Alleged app store update brings malware
I have the picture above from this article of Swiss Government Computer Emergency Response Team (GovCERT) loaned. This article shows the history of the Retefe Trojan and shows that the actors behind it are constantly changing the system and optimizing it for their purposes. However, and this is your great advantage, you can prevent the installation by reading carefully. Because in the picture above, which should lead to an update or to the installation of the Trojan software, a rather bumpy and sometimes incorrect German is used. A real Apple message would never be designed like this.
Summary
Regardless of whether you do online banking or not, always pay close attention to what email attachments you receive, save and open. Official documents, invoices and the like are never sent as Word documents - rather as email text or as a PDF file. It is also best to read the individual message window texts carefully when updating the operating system of Apple Mac, iMac and MacBook. For more information, I recommend a visit to the linked articles from Proofpoint and GovCERT. Stay clean!
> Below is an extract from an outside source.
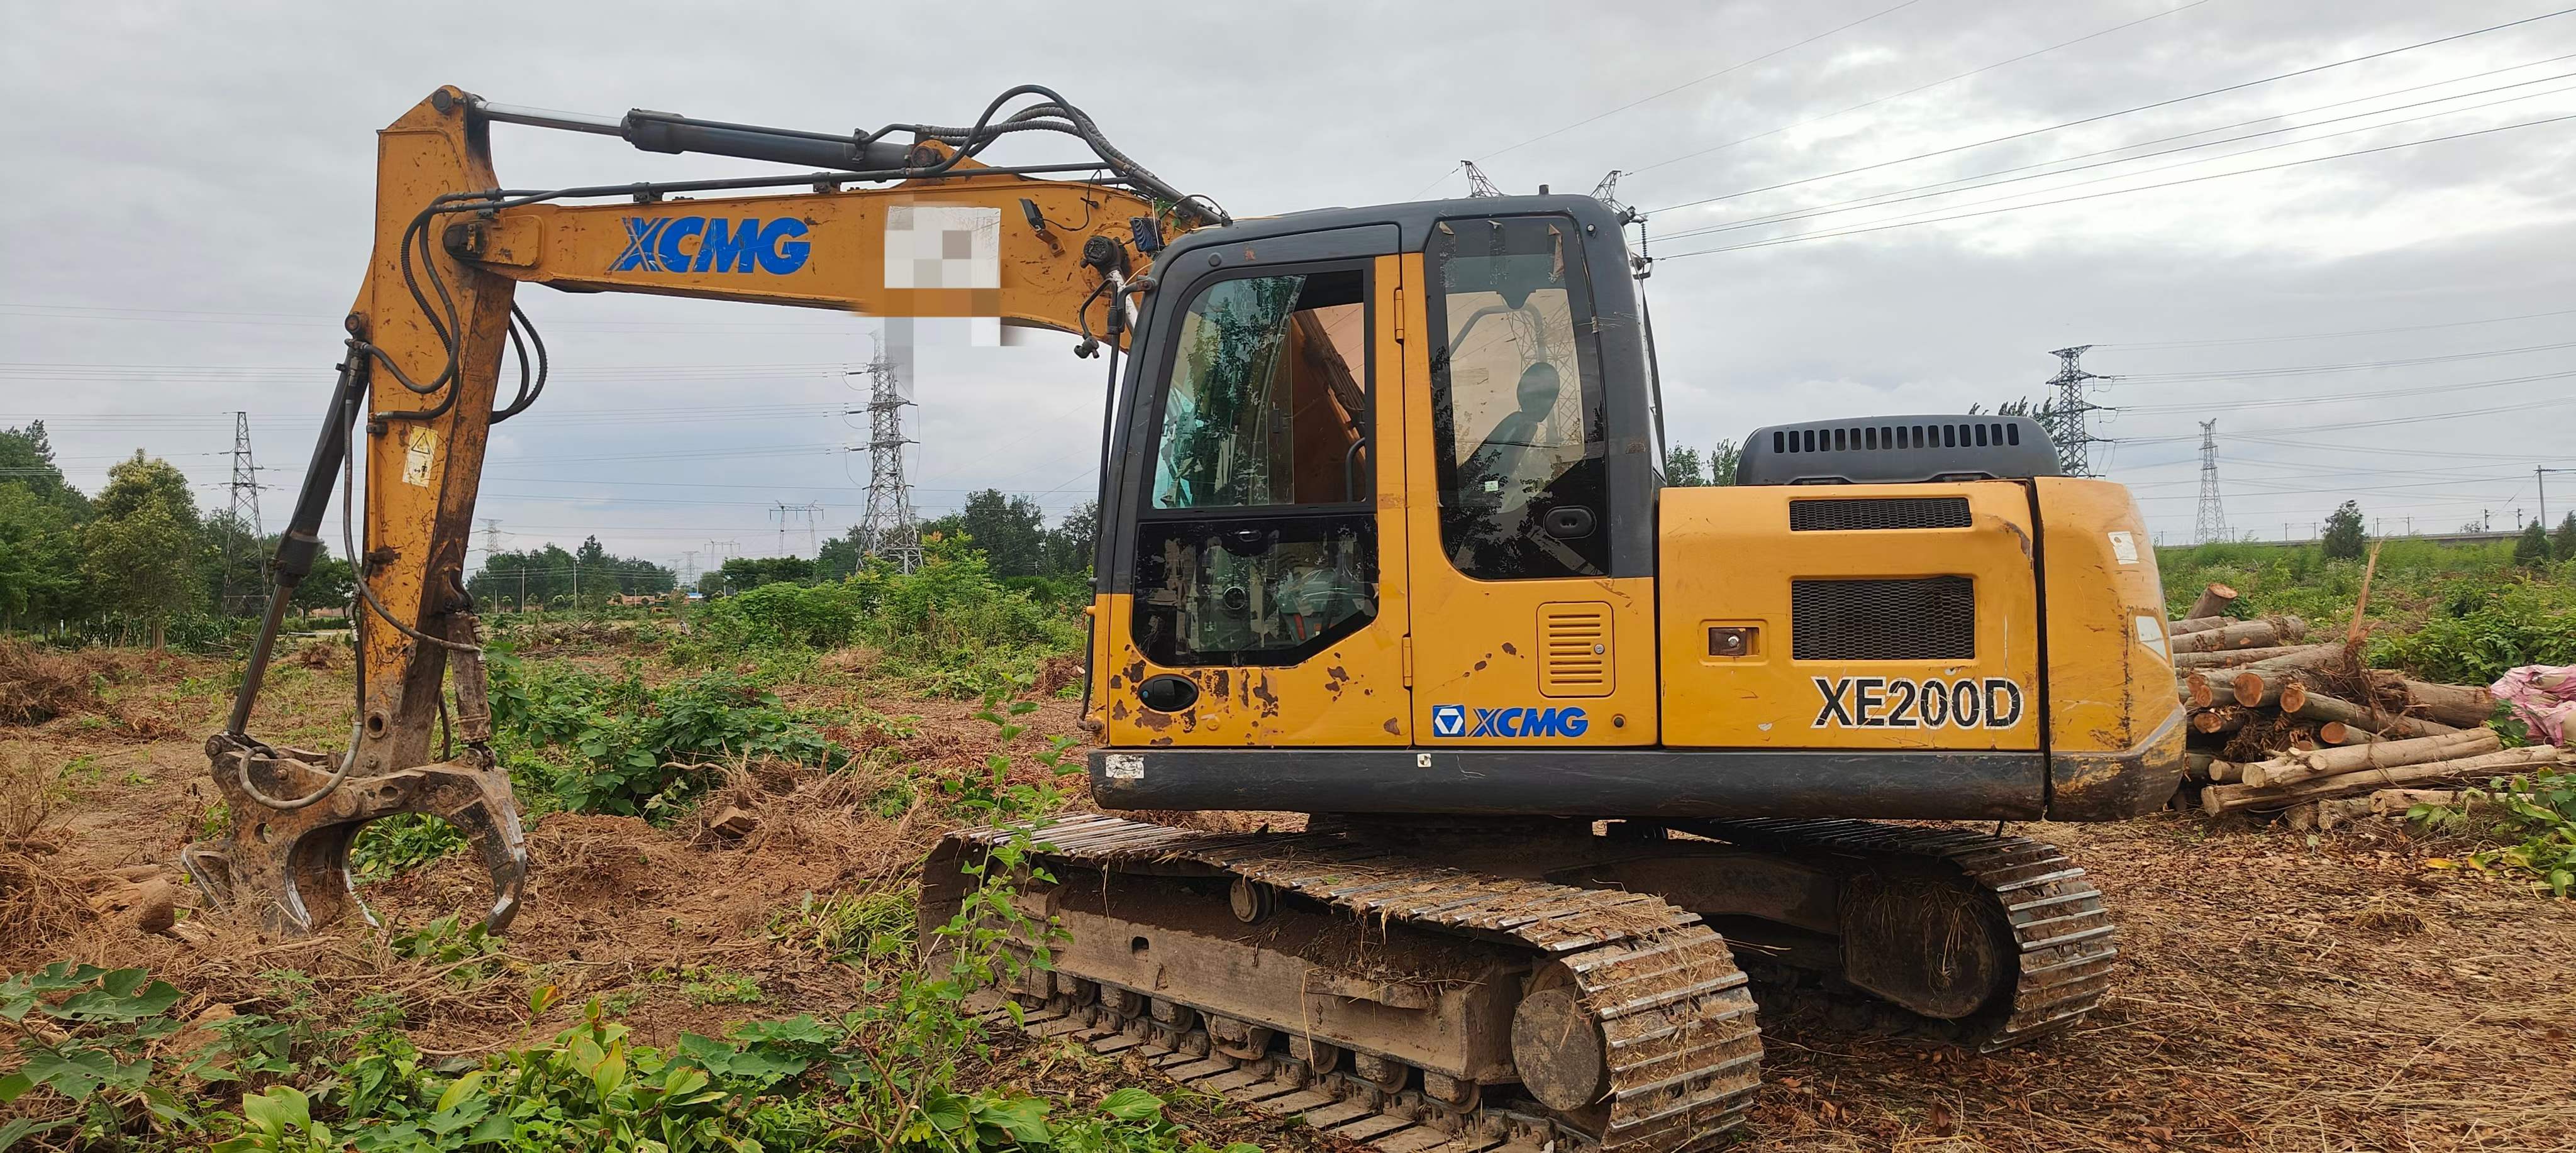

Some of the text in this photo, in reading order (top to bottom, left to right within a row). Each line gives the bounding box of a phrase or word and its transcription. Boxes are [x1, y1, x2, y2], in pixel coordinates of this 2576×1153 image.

[607, 217, 811, 274] XCMG
[1467, 707, 1589, 737] XCMG
[1812, 677, 2023, 729] XE200D
[sc name = "macOS manual"]
Did you like the article and did the instructions on the blog help you? Then I would be happy if you the blog via a Steady Membership or at Patreon would support.
Maybe also interesting?
What is spyware?
What is a Trojan?
appleteams.live - Phishing or other scam disguised as Apple Support
Apple is again letting Mac malware in the App Store
Warning: The Trojan "Emotet" is being sent again via spam mail
Why you shouldn't install antivirus software on your Mac
Emotet - BSI warning against malware (also for Mac computers)
Loapi: Kaspersky discovered modular Trojan for smartphones
After graduating from high school, Johannes completed an apprenticeship as a business assistant specializing in foreign languages. But then he decided to research and write, which resulted in his independence. For several years he has been working for Sir Apfelot, among others. His articles include product introductions, news, manuals, video games, consoles, and more. He follows Apple keynotes live via stream.